# Exploratory Data Analysis (EDA)

**First**, *Formulate Questions* - Define objectives and questions to be answered from the data.

- If we don't know what we are looking for, we are unlikely to find something interesting.
- Questions guide the analysis and help focus on relevant aspects of the data.

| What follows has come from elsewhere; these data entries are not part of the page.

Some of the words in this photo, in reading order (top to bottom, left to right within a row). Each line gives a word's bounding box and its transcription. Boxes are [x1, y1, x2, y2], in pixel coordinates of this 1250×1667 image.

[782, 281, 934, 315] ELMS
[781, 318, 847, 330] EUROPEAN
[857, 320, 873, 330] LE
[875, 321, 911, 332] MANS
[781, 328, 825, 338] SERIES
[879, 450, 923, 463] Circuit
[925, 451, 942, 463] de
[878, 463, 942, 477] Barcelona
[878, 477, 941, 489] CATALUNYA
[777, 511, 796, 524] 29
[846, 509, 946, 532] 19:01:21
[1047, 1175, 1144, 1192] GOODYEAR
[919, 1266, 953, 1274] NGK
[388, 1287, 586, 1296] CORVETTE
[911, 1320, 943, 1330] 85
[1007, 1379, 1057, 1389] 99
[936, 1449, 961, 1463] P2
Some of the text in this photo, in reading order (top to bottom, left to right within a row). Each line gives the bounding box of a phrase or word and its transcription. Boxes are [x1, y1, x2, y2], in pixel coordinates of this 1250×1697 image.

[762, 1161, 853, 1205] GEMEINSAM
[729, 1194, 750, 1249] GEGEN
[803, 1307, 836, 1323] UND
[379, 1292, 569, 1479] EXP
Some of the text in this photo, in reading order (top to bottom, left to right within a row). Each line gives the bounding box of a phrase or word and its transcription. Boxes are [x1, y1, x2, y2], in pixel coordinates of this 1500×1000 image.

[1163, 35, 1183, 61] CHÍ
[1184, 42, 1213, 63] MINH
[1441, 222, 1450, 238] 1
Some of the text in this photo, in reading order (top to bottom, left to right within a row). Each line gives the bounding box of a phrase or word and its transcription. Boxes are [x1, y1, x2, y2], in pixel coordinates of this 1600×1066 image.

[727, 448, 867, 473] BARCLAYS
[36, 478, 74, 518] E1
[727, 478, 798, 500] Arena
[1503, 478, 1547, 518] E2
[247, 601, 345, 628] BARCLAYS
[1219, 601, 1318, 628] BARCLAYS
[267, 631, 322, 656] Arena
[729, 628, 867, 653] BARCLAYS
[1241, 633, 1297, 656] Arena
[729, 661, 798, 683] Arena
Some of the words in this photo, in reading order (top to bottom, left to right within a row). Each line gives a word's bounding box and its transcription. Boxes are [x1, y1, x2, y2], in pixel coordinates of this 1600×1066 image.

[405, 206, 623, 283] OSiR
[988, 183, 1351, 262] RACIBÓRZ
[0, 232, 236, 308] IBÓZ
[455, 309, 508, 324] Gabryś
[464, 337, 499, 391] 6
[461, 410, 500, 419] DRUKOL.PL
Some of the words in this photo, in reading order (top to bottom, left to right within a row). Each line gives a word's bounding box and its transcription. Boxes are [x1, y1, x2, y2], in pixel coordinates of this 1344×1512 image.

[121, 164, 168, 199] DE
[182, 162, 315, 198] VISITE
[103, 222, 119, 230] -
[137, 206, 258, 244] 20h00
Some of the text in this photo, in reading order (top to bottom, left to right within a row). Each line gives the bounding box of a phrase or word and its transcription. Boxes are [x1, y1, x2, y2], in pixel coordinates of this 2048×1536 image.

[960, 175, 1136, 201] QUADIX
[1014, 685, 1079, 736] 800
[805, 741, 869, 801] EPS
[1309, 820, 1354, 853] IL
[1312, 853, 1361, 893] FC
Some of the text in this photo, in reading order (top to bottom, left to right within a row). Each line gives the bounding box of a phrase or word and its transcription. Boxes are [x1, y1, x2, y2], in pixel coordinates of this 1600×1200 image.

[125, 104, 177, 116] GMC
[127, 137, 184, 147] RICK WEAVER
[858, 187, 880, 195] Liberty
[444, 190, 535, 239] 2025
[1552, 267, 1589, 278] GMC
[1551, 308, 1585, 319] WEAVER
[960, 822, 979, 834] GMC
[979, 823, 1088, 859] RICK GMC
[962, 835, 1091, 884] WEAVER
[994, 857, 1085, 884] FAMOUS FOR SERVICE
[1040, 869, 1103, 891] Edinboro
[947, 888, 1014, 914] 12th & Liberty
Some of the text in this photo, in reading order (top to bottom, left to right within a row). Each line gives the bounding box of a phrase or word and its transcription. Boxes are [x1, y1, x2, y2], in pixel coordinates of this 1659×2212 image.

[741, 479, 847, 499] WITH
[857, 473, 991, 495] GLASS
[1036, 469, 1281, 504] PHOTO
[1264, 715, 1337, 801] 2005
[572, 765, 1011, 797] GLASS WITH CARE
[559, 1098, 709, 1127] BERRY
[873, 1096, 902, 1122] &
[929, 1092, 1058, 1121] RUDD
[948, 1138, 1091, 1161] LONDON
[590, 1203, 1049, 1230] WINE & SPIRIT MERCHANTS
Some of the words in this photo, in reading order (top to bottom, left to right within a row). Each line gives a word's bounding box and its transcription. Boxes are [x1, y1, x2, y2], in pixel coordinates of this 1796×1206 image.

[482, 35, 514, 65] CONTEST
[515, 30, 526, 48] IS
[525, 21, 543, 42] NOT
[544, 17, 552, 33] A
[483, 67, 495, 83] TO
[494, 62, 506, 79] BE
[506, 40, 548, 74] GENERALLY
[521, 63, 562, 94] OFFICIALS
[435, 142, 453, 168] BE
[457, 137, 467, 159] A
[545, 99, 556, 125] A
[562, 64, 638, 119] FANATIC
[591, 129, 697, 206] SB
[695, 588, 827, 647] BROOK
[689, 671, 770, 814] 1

### Four objectives of EDA

1. Discover Patterns
2. Spot Anomalies
3. Frame Hypothesis
4. Check Assumptions

### Key steps in EDA

1. *Data Loading* - Gather relevant data from sources:
    1. Files (csv, excel, txt, json, xml, pdf, etc.)
    1. Surveys (Google Forms, SurveyMonkey)
    1. Web Scraping (BeautifulSoup, Scrapy, Selenium)
    1. APIs (Twitter, Facebook, Google Maps, etc.)
    1. Databases (SQL, NoSQL)
1. *Data Cleaning* - Prepare data for analysis by:
    1. Handle missing values
        1. Remove rows with missing values
        1. Impute missing values
            - Mean, Median, Mode
            - Forward fill, Backward fill
            - Interpolation
        1. Drop columns
    1. Remove duplicates
    1. Correct errors (invalid values)
    1. Standardize feature names
    1. Remove irrelevant and redundant features
    1. Standardize data:
        1. Convert data types (e.g., `str -> datetime`)
        1. inconsistencies (e.g., `Female` and `F` both present in `gender` column)
        1. One format for dates, phone numbers, etc.
1. *Feature Engineering* - based on domain knowledge and questions to be answered:
    1. Handle multicollinearity (e.g., PCA)
    1. Handle imbalanced data (e.g., SMOTE)
    1. Create new variables
        1. `age` from `date_of_birth`
        1. `BMI` from `weight` and `height`
        1. `season` from `date`
    1. *Data Enrichment* - Add new data from external sources
        1. Geocoding (convert address to latitude and longitude using **Google Maps API**)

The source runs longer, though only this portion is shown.